SUBJECTS 90 850 births in 14 North East Thames community provider districts over a 21 month period.
METHODS Births notified to local child health computers are electronically copied to the neonatal laboratory computer system, and incoming Guthrie cards are matched against these birth records before testing. The computer records for the study period were processed to estimate the coverage of the screening programme.
RESULTS Out of an estimated 90 850 births notified to child health computers, all but 746 (0.82%) appeared to have been screened or could be otherwise accounted for (0.14% in non-metropolitan districts, 0.39% in suburban districts, and 1.68% in inner city districts). A further 893 resident infants had been tested, but could not be matched to the list of notified resident births.
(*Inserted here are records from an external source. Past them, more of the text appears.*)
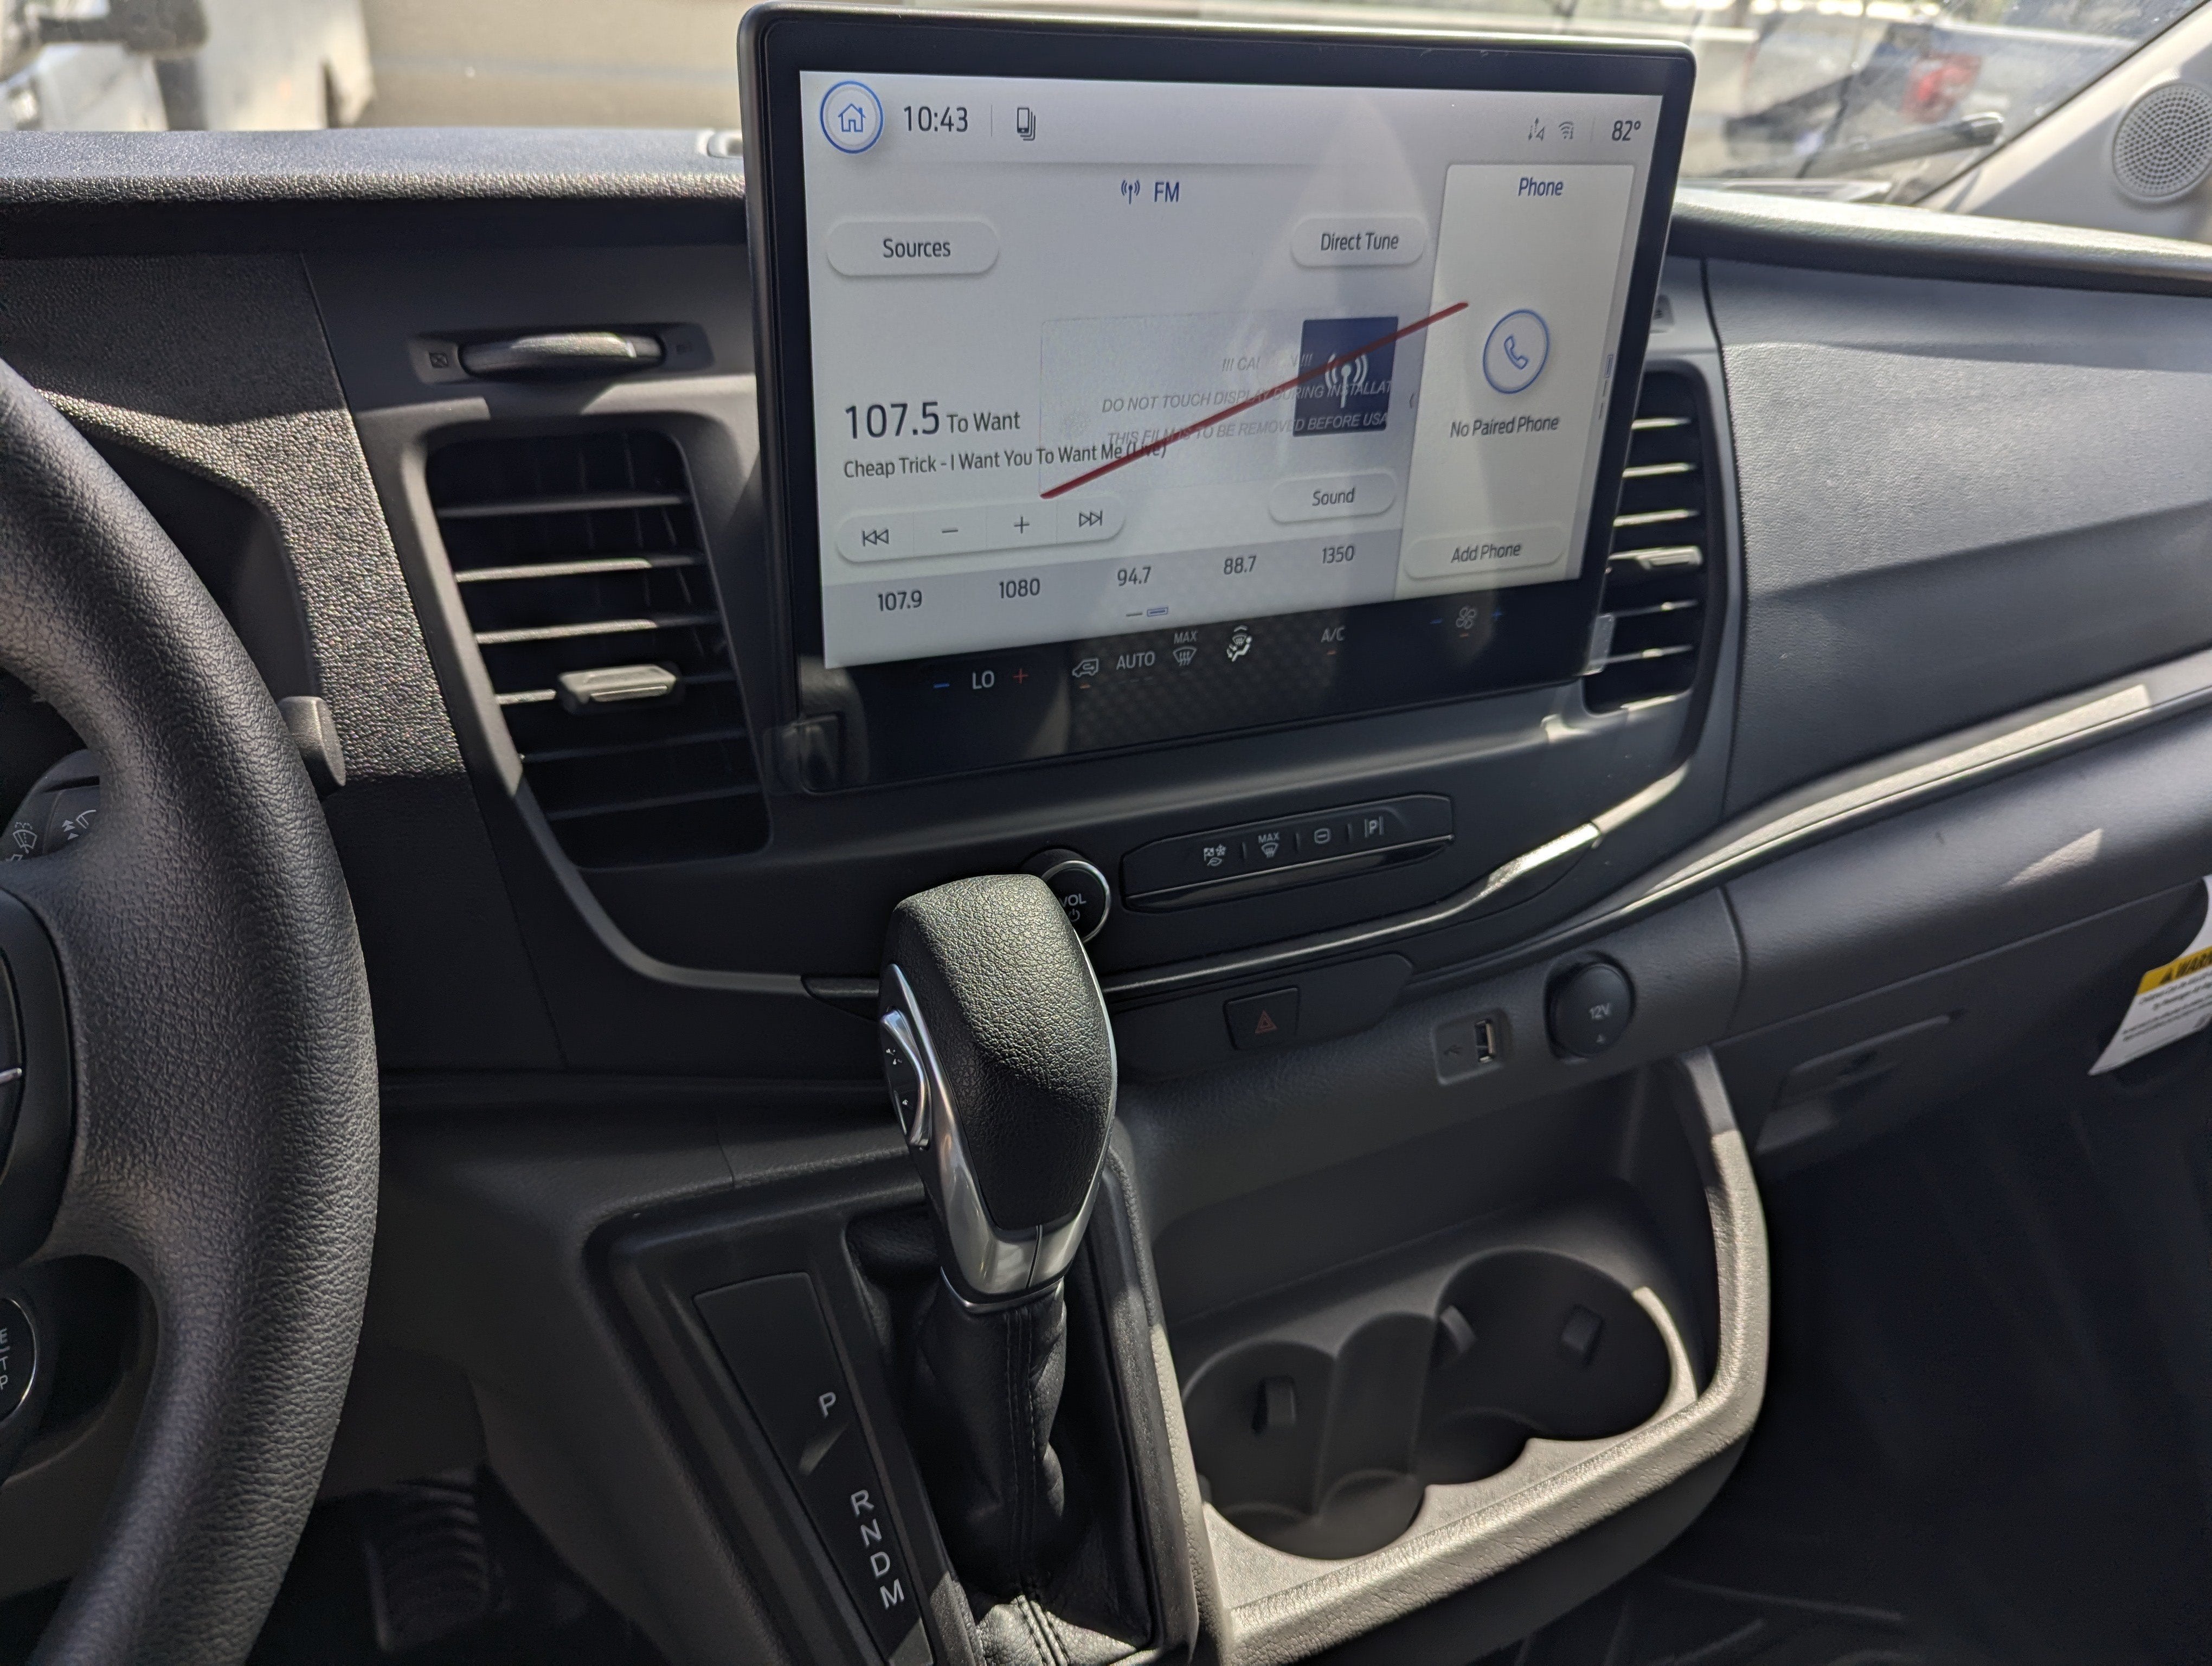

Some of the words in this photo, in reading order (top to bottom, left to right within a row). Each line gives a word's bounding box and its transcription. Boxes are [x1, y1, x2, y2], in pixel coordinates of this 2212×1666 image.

[903, 106, 969, 133] 10:43
[1611, 120, 1642, 142] 82°
[1154, 181, 1180, 203] FM
[1517, 177, 1563, 196] Phone
[883, 238, 951, 259] Sources
[1320, 232, 1361, 252] Direct
[1365, 232, 1399, 251] Tune
[1102, 398, 1124, 413] DO
[1127, 396, 1159, 411] NOT
[1163, 392, 1211, 409] TOUCH
[845, 401, 940, 440] 107.5
[947, 414, 969, 433] To
[973, 411, 1021, 432] Want
[1108, 431, 1139, 446] THIS
[1216, 423, 1236, 438] BE
[1238, 419, 1304, 437] REMOVED
[1307, 413, 1361, 431] BEFORE
[1450, 421, 1469, 439] No
[1473, 418, 1514, 436] Paired
[1517, 415, 1559, 433] Phone
[844, 459, 895, 479] Cheap
[899, 455, 937, 475] Trick
[951, 454, 955, 471] I
[959, 451, 1001, 470] Want
[1004, 450, 1032, 467] You
[1036, 448, 1054, 465] To
[1058, 444, 1097, 463] Want
[1101, 443, 1122, 460] Me
[1312, 488, 1355, 507] Sound
[1321, 545, 1355, 565] 1350
[1451, 545, 1477, 563] Add
[1481, 543, 1521, 560] Phone
[1223, 555, 1258, 575] 88.7
[1116, 566, 1152, 586] 94.7
[999, 578, 1040, 599] 1080
[877, 591, 922, 612] 107.9
[1173, 630, 1199, 645] MAX
[1321, 626, 1345, 643] A/C
[1116, 651, 1156, 670] AUTO
[972, 671, 995, 690] LO
[1258, 831, 1280, 844] MAX
[1059, 893, 1086, 907] VOL
[1589, 1003, 1611, 1020] 12V
[819, 1391, 837, 1418] P
[851, 1489, 874, 1516] R
[860, 1518, 883, 1546] N
[870, 1551, 891, 1577] D
[880, 1578, 905, 1610] M
The calculated programme coverage already exceeds the 99.5% National Audit Programme standard in 7/14 districts. Elsewhere it is not clear whether it is coverage or recording of coverage that is low.
CONCLUSION Previous reports of low coverage may have been exaggerated. High coverage can be shown using routine information systems. Design of information systems that deliver accurate measures of coverage would be more useful than comparison of inadequately measured coverage with a national standard. The new NHS number project will create an opportunity to achieve this.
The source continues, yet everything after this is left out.